[Data items]
##############################
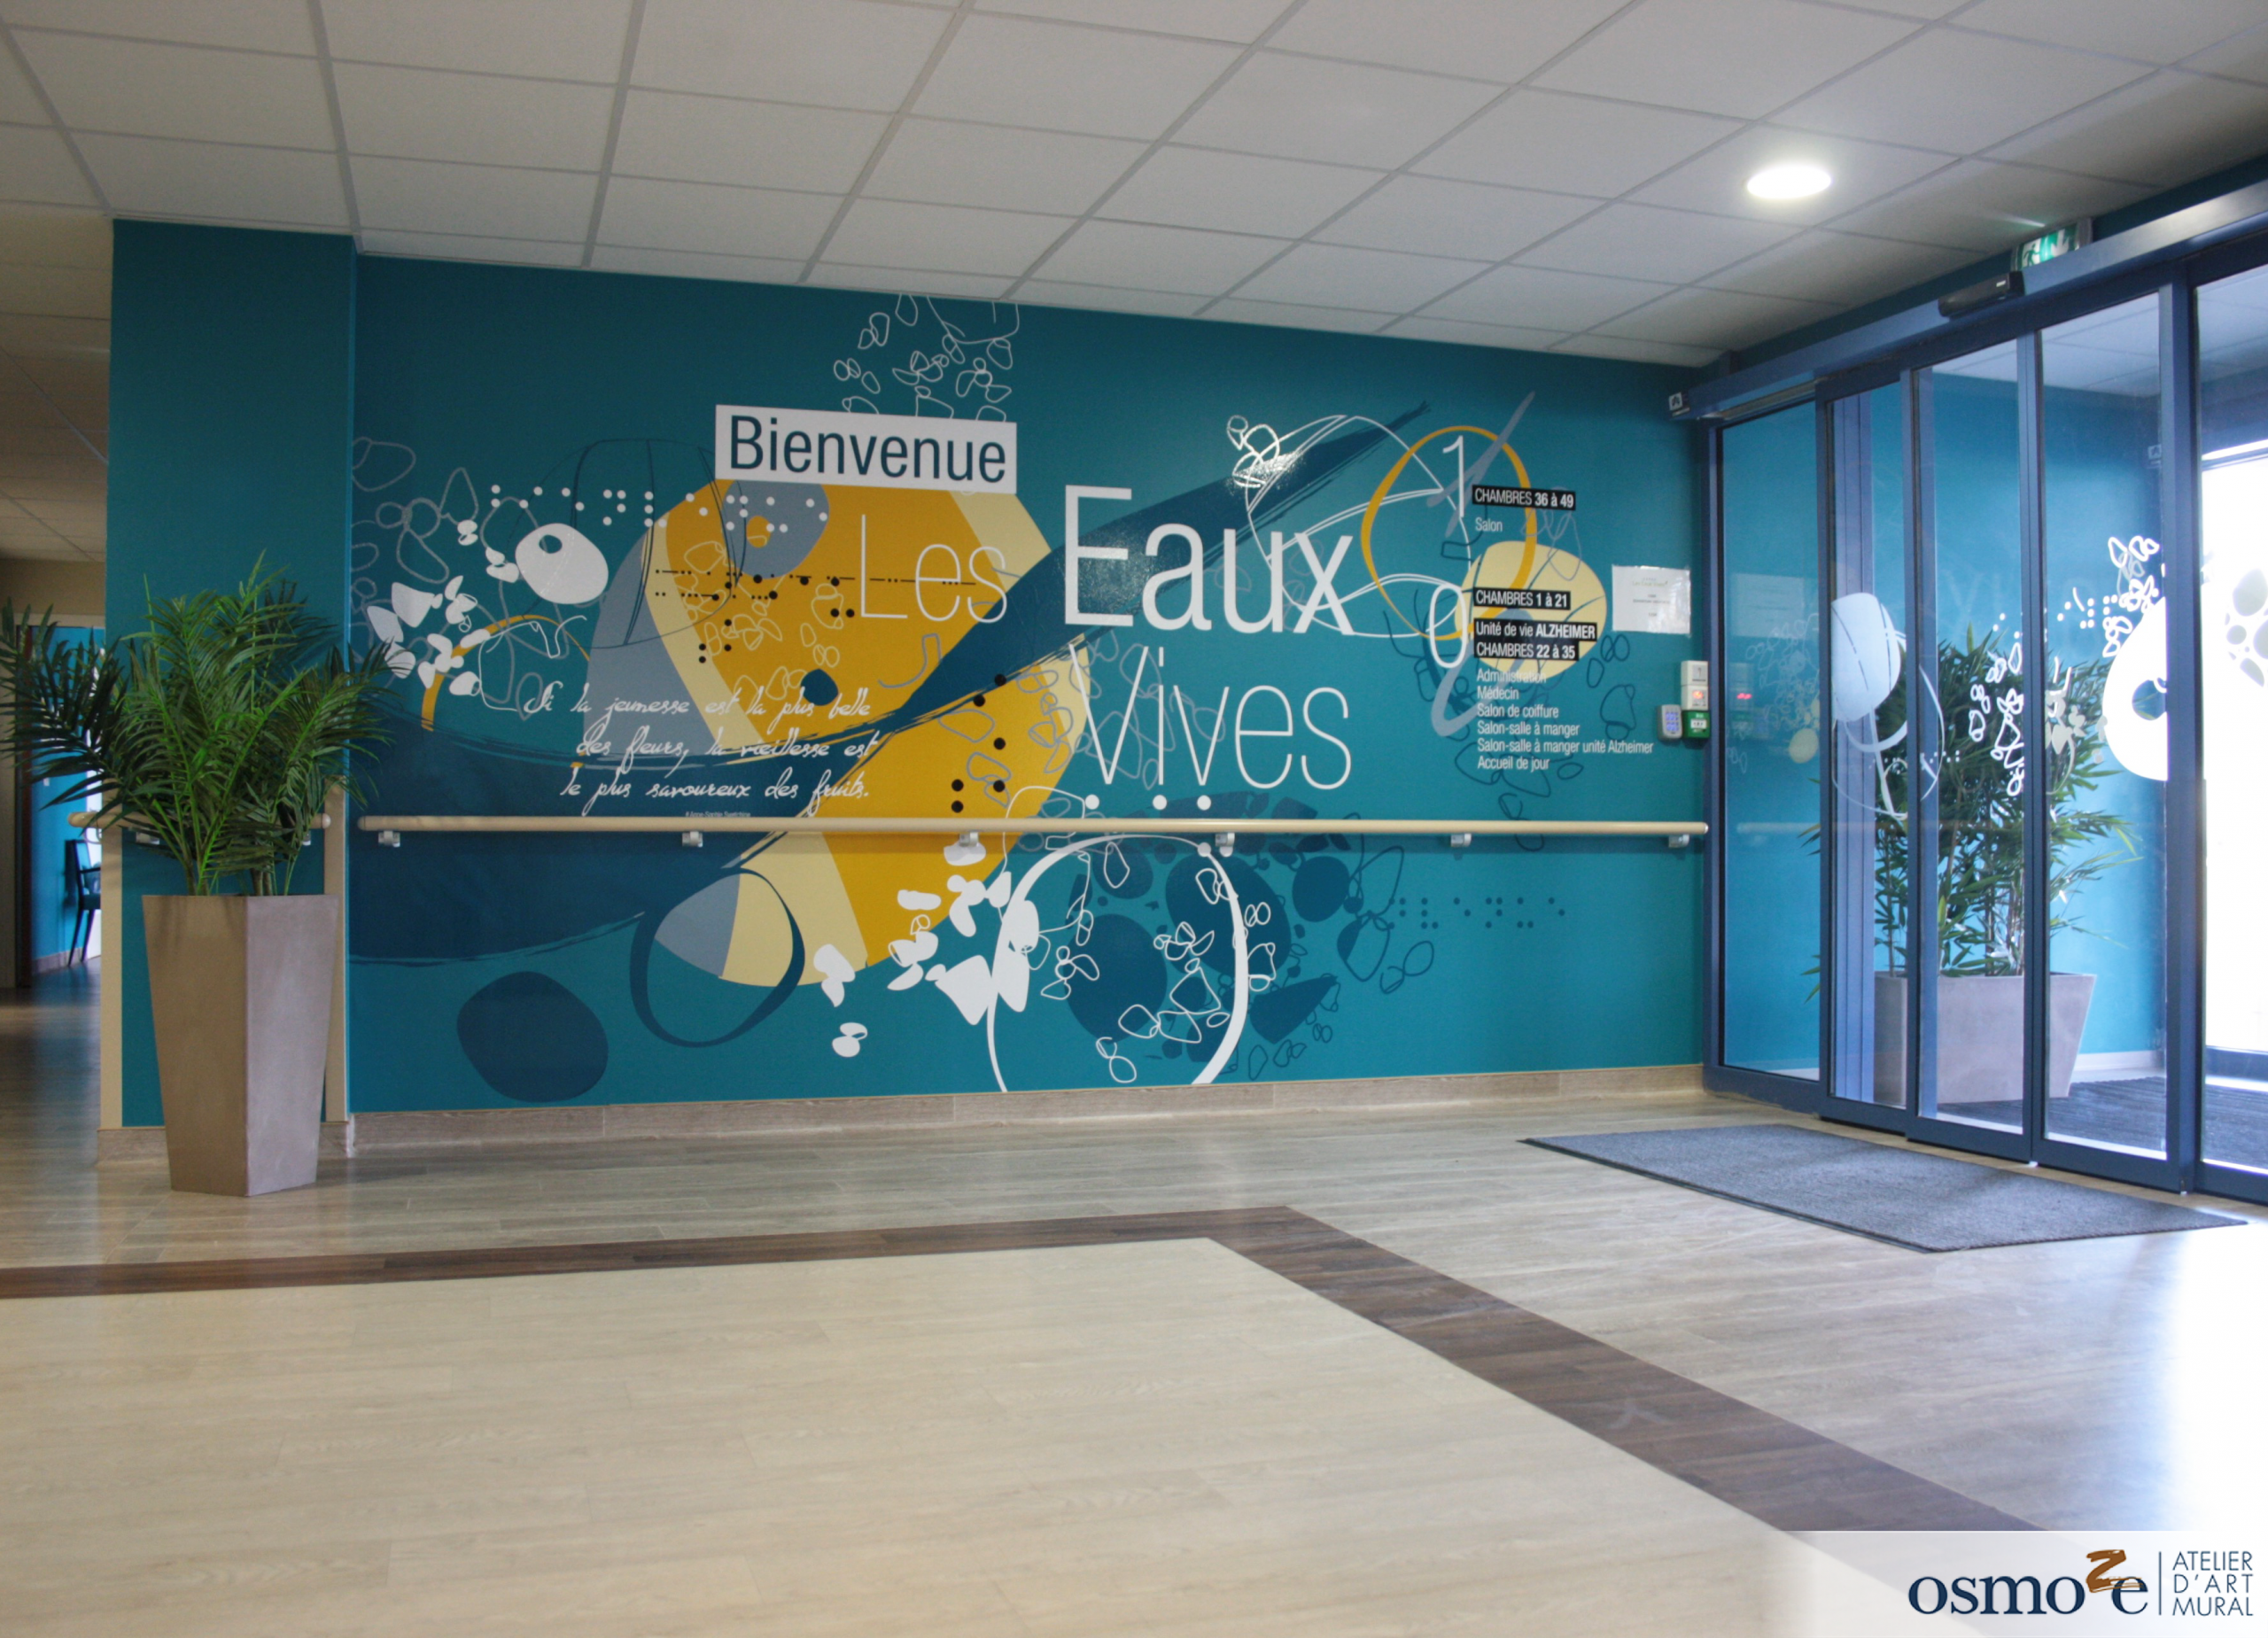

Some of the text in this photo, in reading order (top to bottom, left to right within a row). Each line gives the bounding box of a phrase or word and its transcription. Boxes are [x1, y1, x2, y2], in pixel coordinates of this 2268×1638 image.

[730, 415, 1006, 484] Bienvenue
[1442, 434, 1464, 518] 1
[1474, 487, 1574, 508] CHAMBRES 36 à 49
[1475, 516, 1503, 532] Salon
[860, 484, 1356, 636] Les Eaux
[1475, 589, 1567, 608] CHAMBRES 1 à 21
[1475, 621, 1596, 639] Unité de vie ALZHEIMER
[1476, 641, 1575, 659] CHAMBRES 22 à 35
[1476, 668, 1547, 684] Administration
[1477, 685, 1519, 700] Médecin
[570, 682, 593, 713] la
[583, 697, 690, 743] jeunesse
[704, 687, 742, 715] est
[745, 685, 766, 716] la
[766, 686, 815, 735] plus
[828, 687, 871, 719] belle
[1068, 643, 1353, 790] Vives
[1477, 703, 1559, 718] Salon de coiffure
[1477, 721, 1581, 739] Salon-salle à manger
[576, 722, 612, 757] des
[704, 726, 726, 757] la
[740, 727, 830, 758] vieillesse
[843, 730, 881, 758] est
[1477, 737, 1654, 756] Salon-salle à manger unité Alzheimer
[1477, 755, 1551, 773] Accueil de jour
[559, 765, 870, 818] le plus savoureux des fruits.
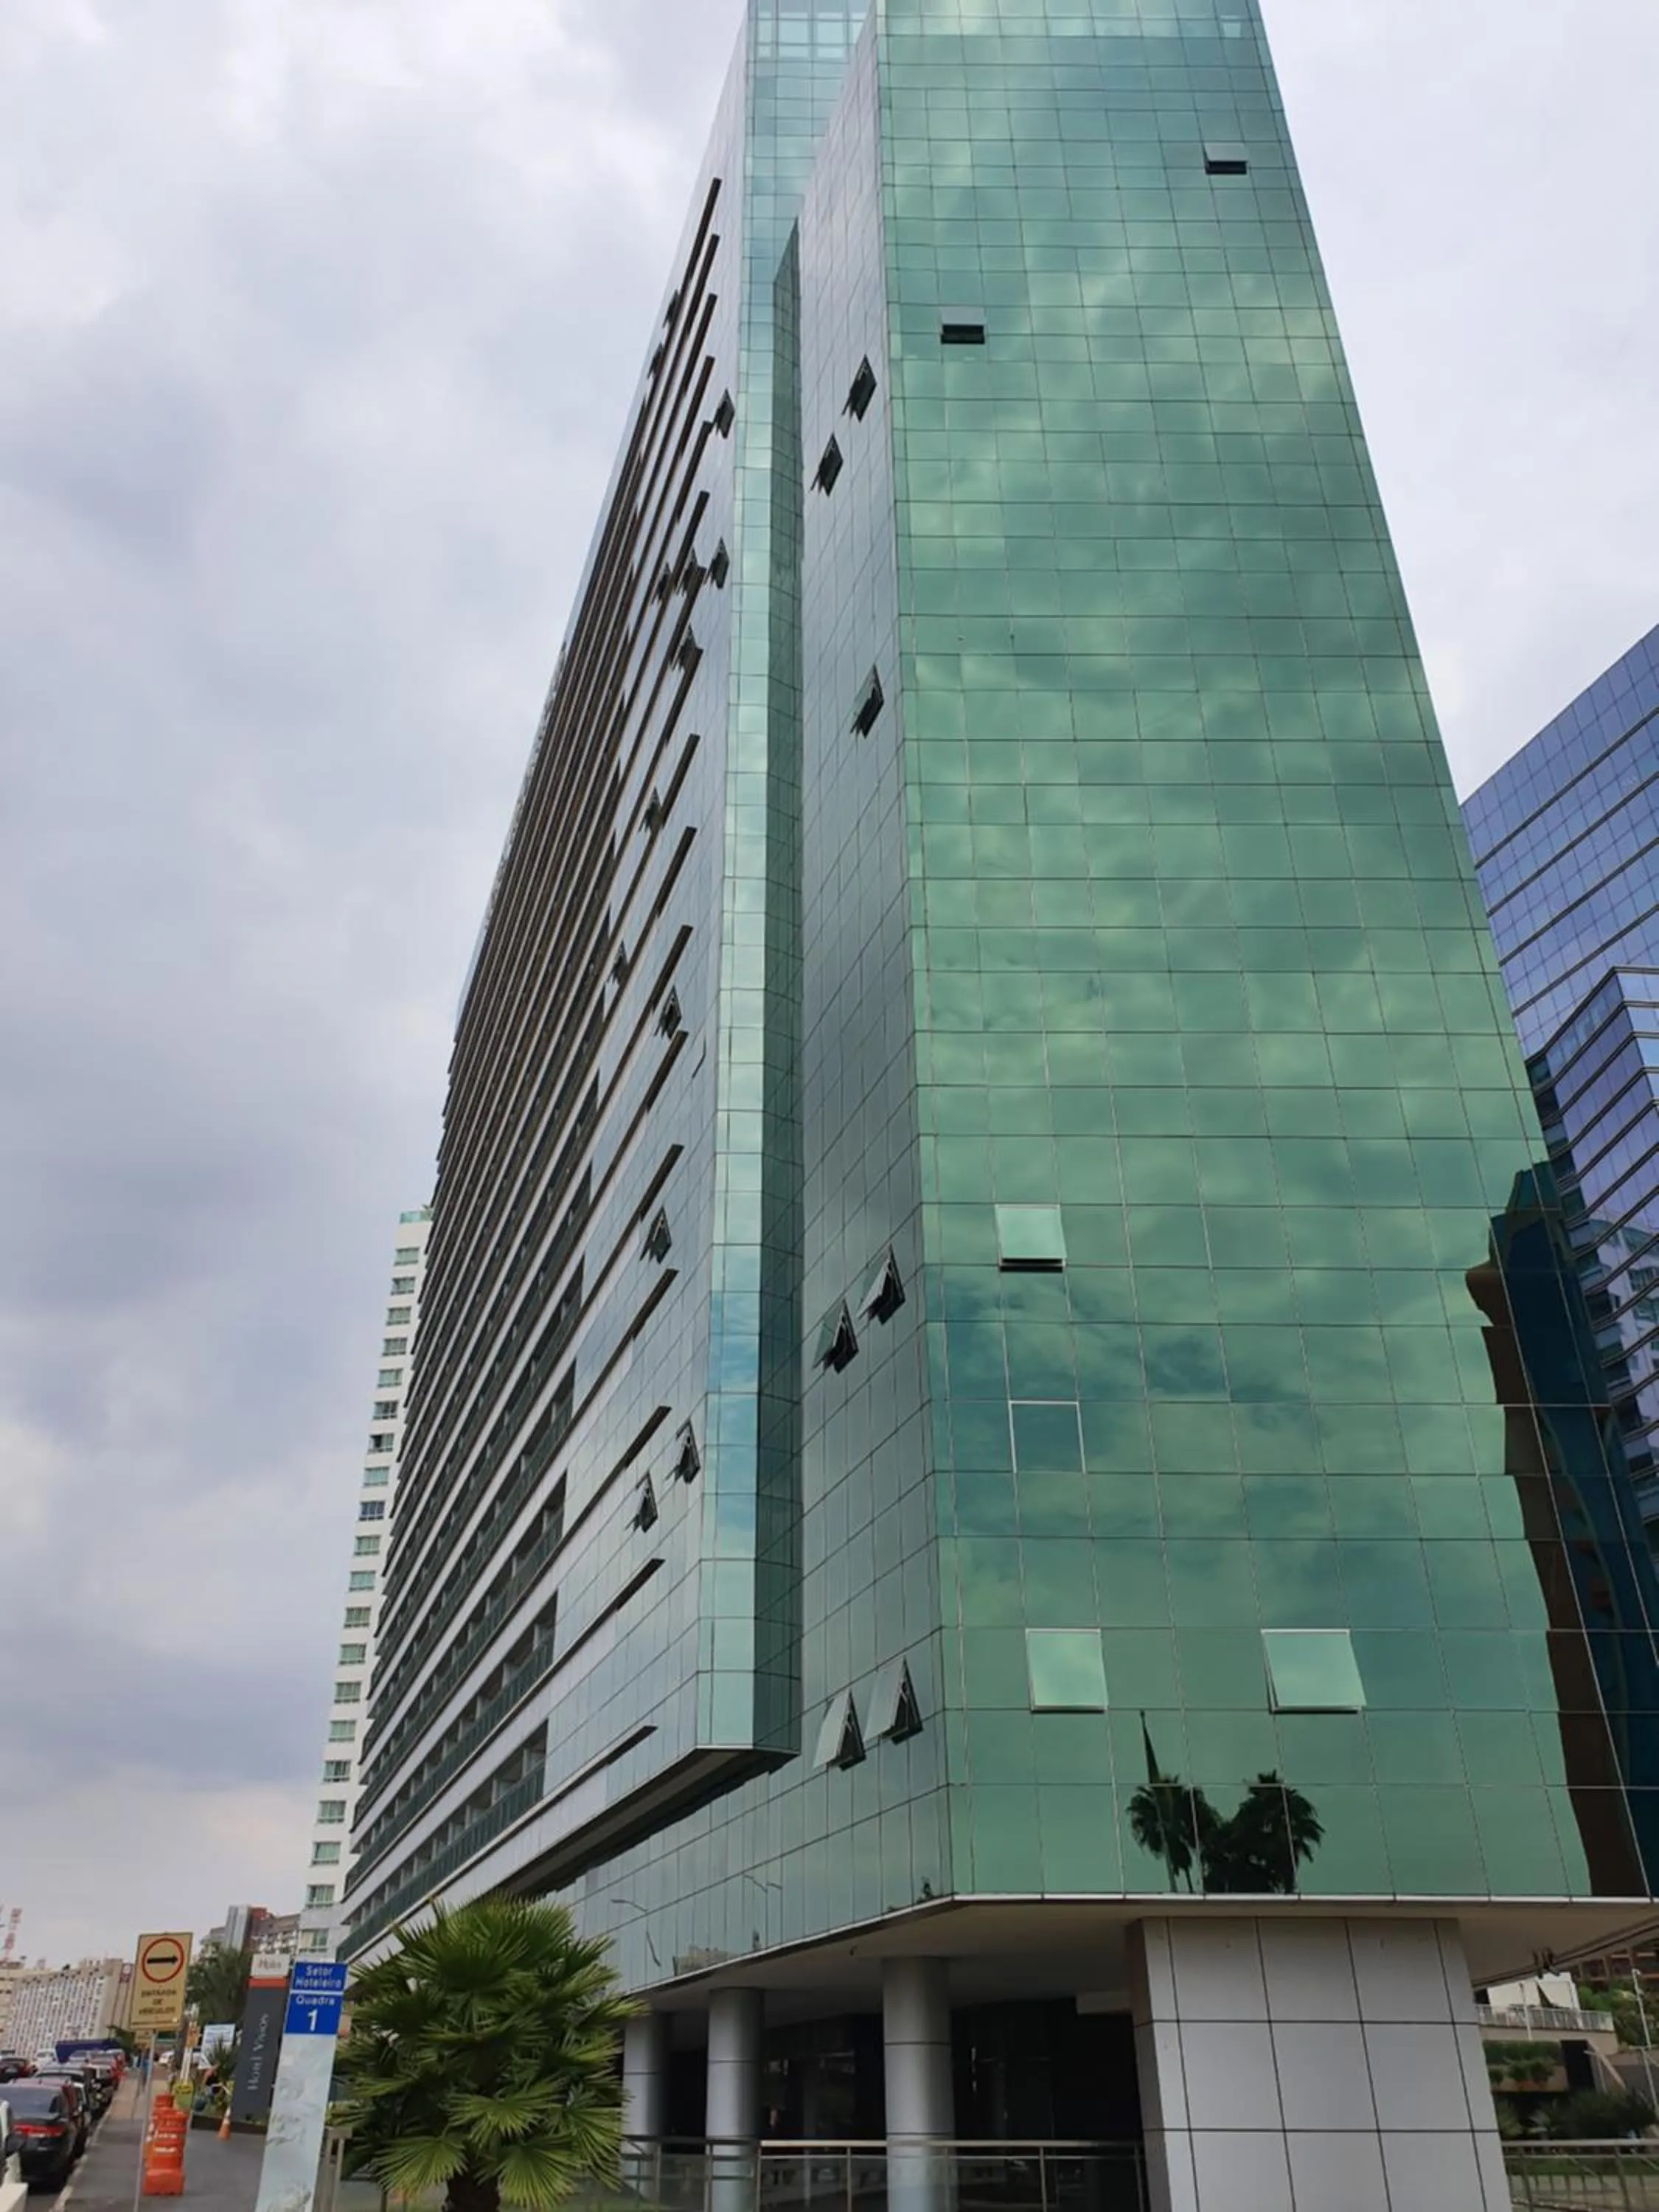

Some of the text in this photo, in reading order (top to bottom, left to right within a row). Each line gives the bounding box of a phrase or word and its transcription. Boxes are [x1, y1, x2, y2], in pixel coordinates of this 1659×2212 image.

[306, 1966, 333, 1976] Setor
[296, 1996, 335, 2006] Quadra
[307, 2008, 318, 2032] 1
##############################
[Goal of the exercise]
None of the pictures should appear; the rest of the entries must be reproduced exactly.

[Reply to the exercise]
Some of the text in this photo, in reading order (top to bottom, left to right within a row). Each line gives the bounding box of a phrase or word and its transcription. Boxes are [x1, y1, x2, y2], in pixel coordinates of this 2268×1638 image.

[730, 415, 1006, 484] Bienvenue
[1442, 434, 1464, 518] 1
[1474, 487, 1574, 508] CHAMBRES 36 à 49
[1475, 516, 1503, 532] Salon
[860, 484, 1356, 636] Les Eaux
[1475, 589, 1567, 608] CHAMBRES 1 à 21
[1475, 621, 1596, 639] Unité de vie ALZHEIMER
[1476, 641, 1575, 659] CHAMBRES 22 à 35
[1476, 668, 1547, 684] Administration
[1477, 685, 1519, 700] Médecin
[570, 682, 593, 713] la
[583, 697, 690, 743] jeunesse
[704, 687, 742, 715] est
[745, 685, 766, 716] la
[766, 686, 815, 735] plus
[828, 687, 871, 719] belle
[1068, 643, 1353, 790] Vives
[1477, 703, 1559, 718] Salon de coiffure
[1477, 721, 1581, 739] Salon-salle à manger
[576, 722, 612, 757] des
[704, 726, 726, 757] la
[740, 727, 830, 758] vieillesse
[843, 730, 881, 758] est
[1477, 737, 1654, 756] Salon-salle à manger unité Alzheimer
[1477, 755, 1551, 773] Accueil de jour
[559, 765, 870, 818] le plus savoureux des fruits.

Some of the text in this photo, in reading order (top to bottom, left to right within a row). Each line gives the bounding box of a phrase or word and its transcription. Boxes are [x1, y1, x2, y2], in pixel coordinates of this 1659×2212 image.

[306, 1966, 333, 1976] Setor
[296, 1996, 335, 2006] Quadra
[307, 2008, 318, 2032] 1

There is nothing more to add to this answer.